At the end of the day, the size is less of an issue than the potential 'data leaks' that the 'non-rendered' images from other pages represent. Some of these images contain protected information for other patients, so it's important ensure that only the images that belong to the pages being clipped are included in the output. Any thoughts or ideas on how this might be addressed in a 'non-hacky' way??

stefan6419846 · 2024-07-23T03:41:07Z

stefan6419846
Jul 23, 2024
Maintainer

To be honest, I have never used pypdf for this before, but mostly the (Py)MuPDF functionality, to redact private images from PDF samples. The usual way to do so there is to replace undesired images with a 1x1 pixel dummy image. If I remember correctly, doing a "hard clean" on the file would also remove images not referenced from the included pages.

Without digging deeper, do we really need the regex for retrieving the images? Shouldn't page.images be sufficient in this case?

3 replies

shartzog Jul 23, 2024
Author

Yep. I think there are a number of improvements I could make with new features. This was originally developed back in the old PyPDF2 days and has only gotten a few minor face lifts (PdfReader vs PdfFileReader etc). The point is more about global XObject handling in the 'split' use case and the possibility of adding some sort of cross referencing to discard any global resources that aren't referenced in the collection of pages that actually belong to the new child PDF.

pubpub-zz Jul 24, 2024
Maintainer

@shartzog:
based on your comments below the code (I apologize I've lazily jumped over 😶‍🌫️)
my proposal would be
a) create a PdfWriter. Use .append() to get the page(s) you wish : outlines should be extracted
b) walkthrough images and replace them with 1x1 images:

for p in writer.pages:
    for i in p.images:
       i.replace(Image.new("G",(1,1)))

Would this works for you?

shartzog Jul 25, 2024
Author

Let me give it a shot. Hadn't tried the append() method.

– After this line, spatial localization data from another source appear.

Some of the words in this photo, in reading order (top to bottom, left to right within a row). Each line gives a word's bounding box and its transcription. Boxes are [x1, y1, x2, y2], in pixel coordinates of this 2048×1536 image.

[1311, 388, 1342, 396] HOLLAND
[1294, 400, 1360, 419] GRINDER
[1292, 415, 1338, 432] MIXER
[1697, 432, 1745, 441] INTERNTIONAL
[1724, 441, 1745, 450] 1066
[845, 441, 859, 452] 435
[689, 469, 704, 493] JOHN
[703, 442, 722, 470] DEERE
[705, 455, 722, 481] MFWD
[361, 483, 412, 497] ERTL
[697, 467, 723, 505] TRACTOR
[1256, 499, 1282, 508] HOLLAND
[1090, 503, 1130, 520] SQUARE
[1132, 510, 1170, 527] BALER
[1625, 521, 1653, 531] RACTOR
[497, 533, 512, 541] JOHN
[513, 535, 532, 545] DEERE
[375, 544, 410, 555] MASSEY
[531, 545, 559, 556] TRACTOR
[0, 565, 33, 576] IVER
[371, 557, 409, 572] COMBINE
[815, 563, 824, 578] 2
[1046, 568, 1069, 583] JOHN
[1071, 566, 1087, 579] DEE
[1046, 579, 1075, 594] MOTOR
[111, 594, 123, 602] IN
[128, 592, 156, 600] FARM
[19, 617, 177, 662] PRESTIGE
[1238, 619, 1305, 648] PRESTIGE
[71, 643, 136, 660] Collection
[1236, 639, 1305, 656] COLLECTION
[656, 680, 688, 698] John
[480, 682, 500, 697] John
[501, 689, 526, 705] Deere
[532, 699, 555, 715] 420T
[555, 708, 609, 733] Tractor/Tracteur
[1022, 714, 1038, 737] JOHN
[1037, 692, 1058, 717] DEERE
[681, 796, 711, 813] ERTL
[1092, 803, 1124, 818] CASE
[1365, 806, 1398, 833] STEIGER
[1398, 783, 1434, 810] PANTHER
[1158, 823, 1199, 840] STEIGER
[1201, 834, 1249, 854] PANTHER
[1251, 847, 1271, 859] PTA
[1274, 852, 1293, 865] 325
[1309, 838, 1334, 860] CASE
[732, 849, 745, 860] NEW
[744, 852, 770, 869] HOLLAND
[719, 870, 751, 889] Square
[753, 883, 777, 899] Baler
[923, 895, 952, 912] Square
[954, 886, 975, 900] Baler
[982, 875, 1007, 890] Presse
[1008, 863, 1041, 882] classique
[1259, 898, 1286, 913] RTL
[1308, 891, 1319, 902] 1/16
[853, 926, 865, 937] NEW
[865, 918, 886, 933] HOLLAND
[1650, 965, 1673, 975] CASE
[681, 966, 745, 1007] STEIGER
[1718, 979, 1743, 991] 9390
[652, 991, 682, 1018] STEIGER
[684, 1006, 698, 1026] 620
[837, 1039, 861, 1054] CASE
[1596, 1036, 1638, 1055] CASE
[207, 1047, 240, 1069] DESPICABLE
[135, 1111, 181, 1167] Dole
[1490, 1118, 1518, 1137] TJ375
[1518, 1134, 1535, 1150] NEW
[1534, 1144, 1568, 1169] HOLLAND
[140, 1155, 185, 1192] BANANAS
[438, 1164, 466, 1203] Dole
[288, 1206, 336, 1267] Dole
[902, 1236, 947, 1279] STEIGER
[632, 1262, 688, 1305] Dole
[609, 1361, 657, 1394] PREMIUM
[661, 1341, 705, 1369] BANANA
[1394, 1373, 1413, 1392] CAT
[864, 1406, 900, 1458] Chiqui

shartzog · 2024-07-26T23:53:47Z

shartzog
Jul 26, 2024
Author

@pubpub-zz, I think your proposed solution was intended to address the inverse use case, namely blanking the images on the selected pages. That is not the goal. I'm attempting to get rid of 'hidden' image data that persists even though it is NOT displayed on any of the selected pages.

To make matters worse, the .images property for every page in the PDF currently returns the same list of 102 images regardless as to whether any images are actually displayed on the page, so running the proposed solution on any page actually blanks the images on all pages. (Side Note: Impressive that the images were found in the global resource to begin with, so kudos in that respect... 👍 👍 )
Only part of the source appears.